Exercise objective: Retype each of the records below exactly, leaving the pictures out.
---
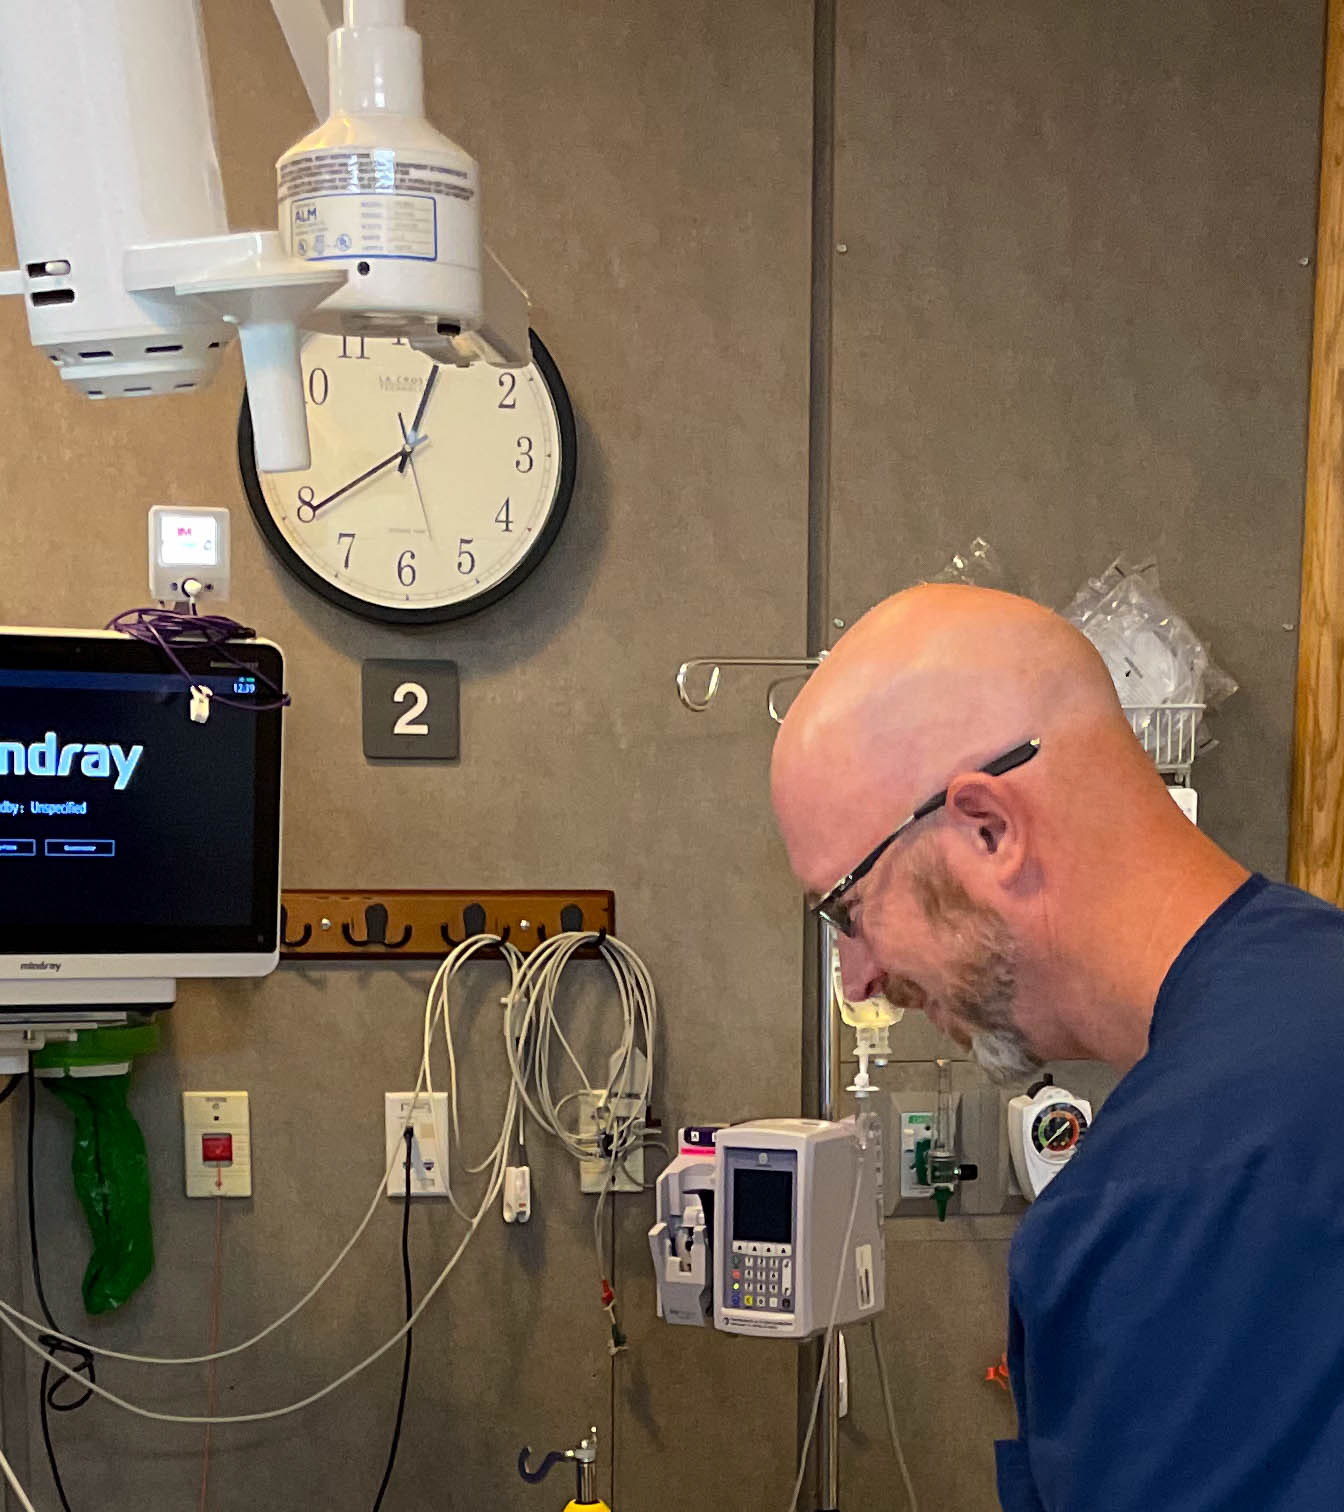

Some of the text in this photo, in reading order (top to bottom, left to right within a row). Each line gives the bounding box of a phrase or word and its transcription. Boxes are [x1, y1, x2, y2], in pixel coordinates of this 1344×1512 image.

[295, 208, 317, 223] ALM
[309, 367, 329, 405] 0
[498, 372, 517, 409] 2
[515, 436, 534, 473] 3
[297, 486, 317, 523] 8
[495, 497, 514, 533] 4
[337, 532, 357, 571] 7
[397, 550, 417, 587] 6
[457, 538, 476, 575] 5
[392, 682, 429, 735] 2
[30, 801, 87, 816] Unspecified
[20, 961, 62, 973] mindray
---
Response to the task:
Some of the text in this photo, in reading order (top to bottom, left to right within a row). Each line gives the bounding box of a phrase or word and its transcription. Boxes are [x1, y1, x2, y2], in pixel coordinates of this 1344×1512 image.

[295, 208, 317, 223] ALM
[309, 367, 329, 405] 0
[498, 372, 517, 409] 2
[515, 436, 534, 473] 3
[297, 486, 317, 523] 8
[495, 497, 514, 533] 4
[337, 532, 357, 571] 7
[397, 550, 417, 587] 6
[457, 538, 476, 575] 5
[392, 682, 429, 735] 2
[30, 801, 87, 816] Unspecified
[20, 961, 62, 973] mindray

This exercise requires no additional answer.